Fort Tourgis, also completed in 1855, the second largest fort on the Island, mounting 33 guns in five batteries requiring 346 men. Sufficient accommodation was available in the fort. Built on a headland covering the bays of Clonque and Plattes Saline with many loopholed walls. Along the second beach, two batteries were built: Platte Saline and Doyle with three and four guns. Used by the Alderney militia until it was disbanded in 1882 and by the militia artillery until 1929.

==== Fort Grosnez ====
At the base of the breakwater. Authorised in 1850 and constructed from 1851 to 1853. It contains 28 guns in seven batteries. In the bay, Braye Battery was built for 9 guns. Manned by the Royal Garrison Artillery.

====Fort Albert ====
Originally named Fort Touraille and planned as a battery, it was renamed after the death of Prince Albert in 1861. The fort was built on Braye bay eastern headland between 1856 and 1859; it had 43 guns with barracks for 424. Roselle Battery, also on the headland with seven guns, was completed in 1854. Around 1900, the fort was modified, reducing the number of guns and fitting two 6-inch BL guns, which changed the fort's appearance. The fort was the island's military headquarters, housing a regular army garrison until 1929.
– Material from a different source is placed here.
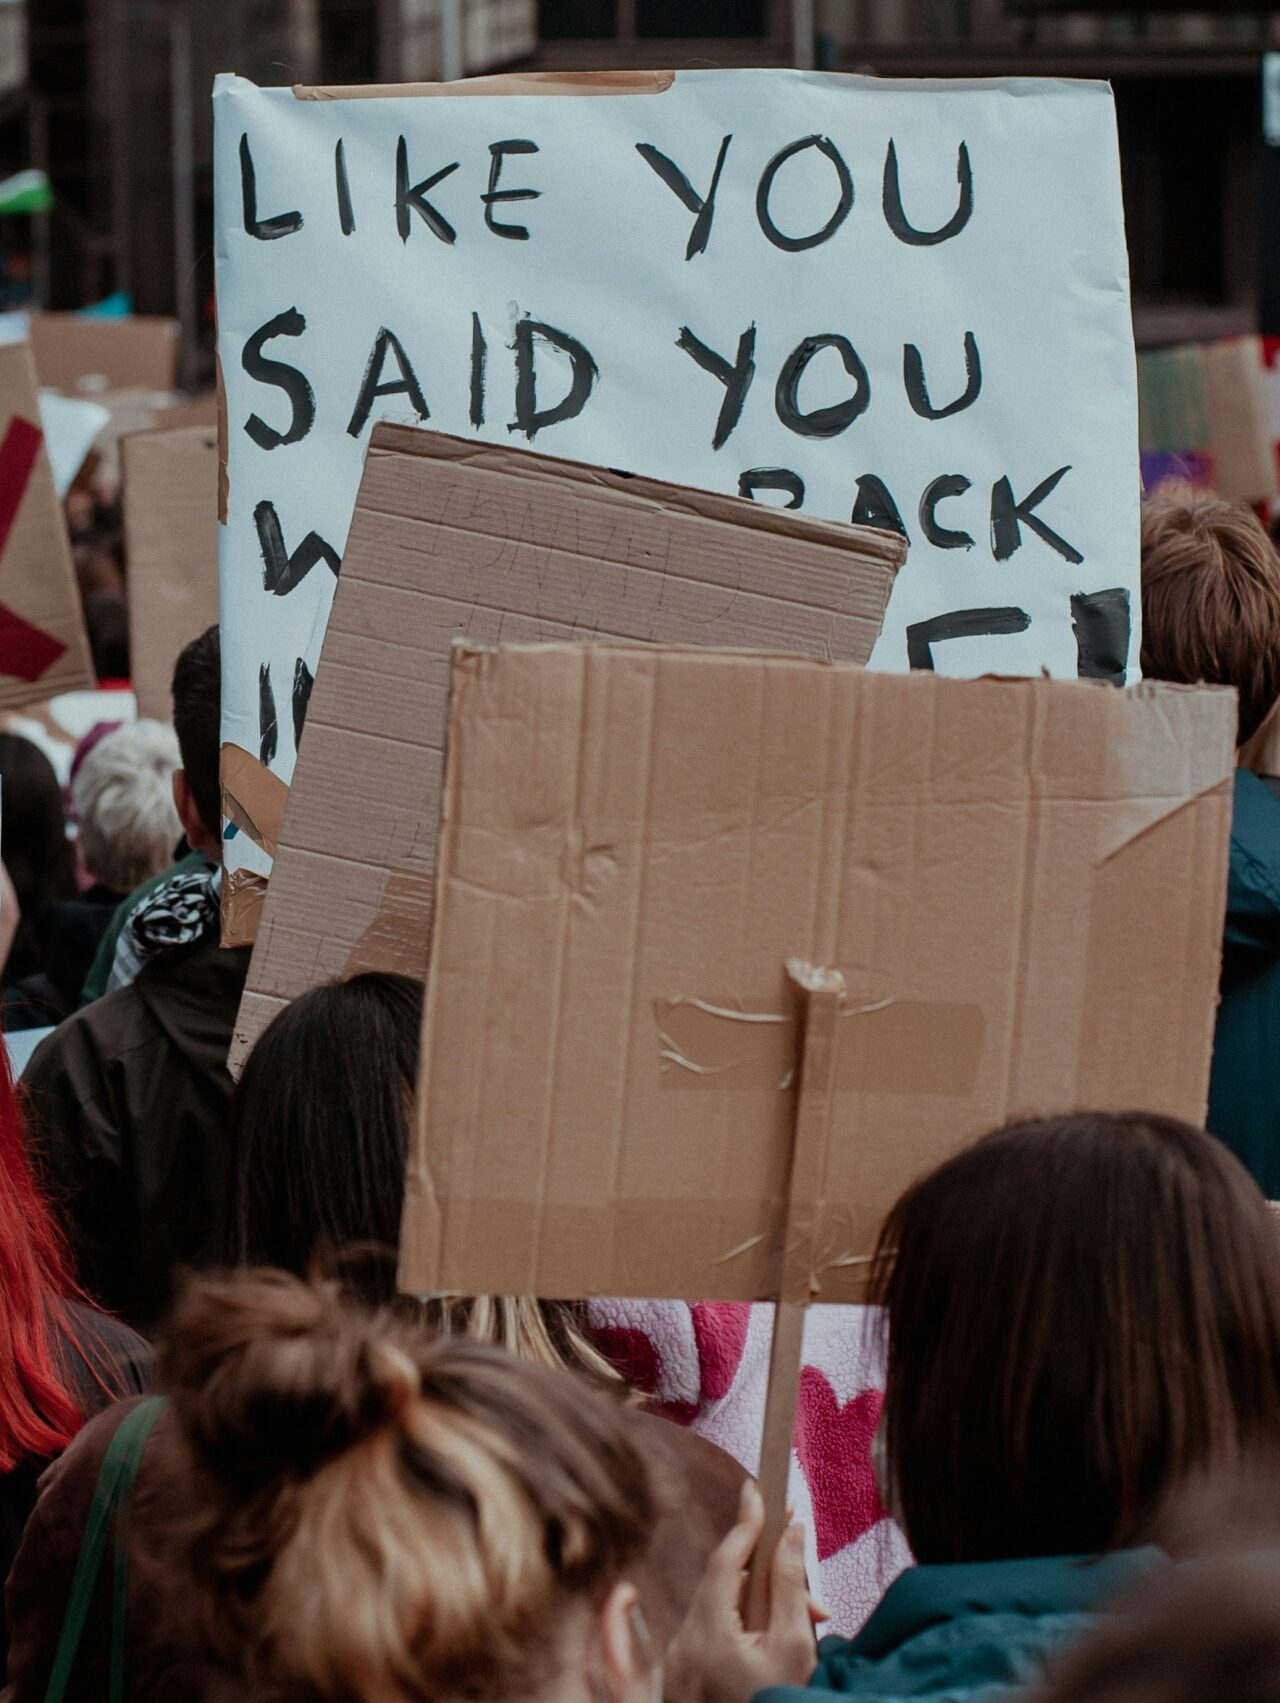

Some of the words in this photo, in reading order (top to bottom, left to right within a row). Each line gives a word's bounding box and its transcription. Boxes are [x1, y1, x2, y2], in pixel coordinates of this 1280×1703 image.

[239, 130, 544, 245] LIKE
[634, 133, 975, 261] YOU
[241, 302, 600, 451] SAID
[675, 320, 981, 449] YOU
==== Fort Château L'Etoc ====
Built on a narrow headland projecting into the sea, completed in 1855, designed for 23 guns with accommodation for 128. Designed to be the protection for the eastern arm of the breakwater that was never built. Built on a stone age burial site; a Guernsey archaeologist was distraught at the way the construction labourers threw the bones and artefacts over the cliff into the sea.

==== Eastern forts ====

- Fort Corblets – Thirteen guns in four batteries manned by 59 men.
- Fort Les Hommeaux Florains – on a small Island with five guns.
- Fort Quesnard – seven guns with 55 men.
- Fort Houmet Herbé – built on an island, with five guns on four towers.
- Fort Ile de Raz – reached by a causeway, 10 guns manned by 64 men.
- Longis Lines – battery of 14 guns.
- Essex barracks – built in original Fort Essex.

=== Redundant ===

The Crimean War of 1853–56 saw the former enemy, France, fighting alongside the British army. Alliances were changing.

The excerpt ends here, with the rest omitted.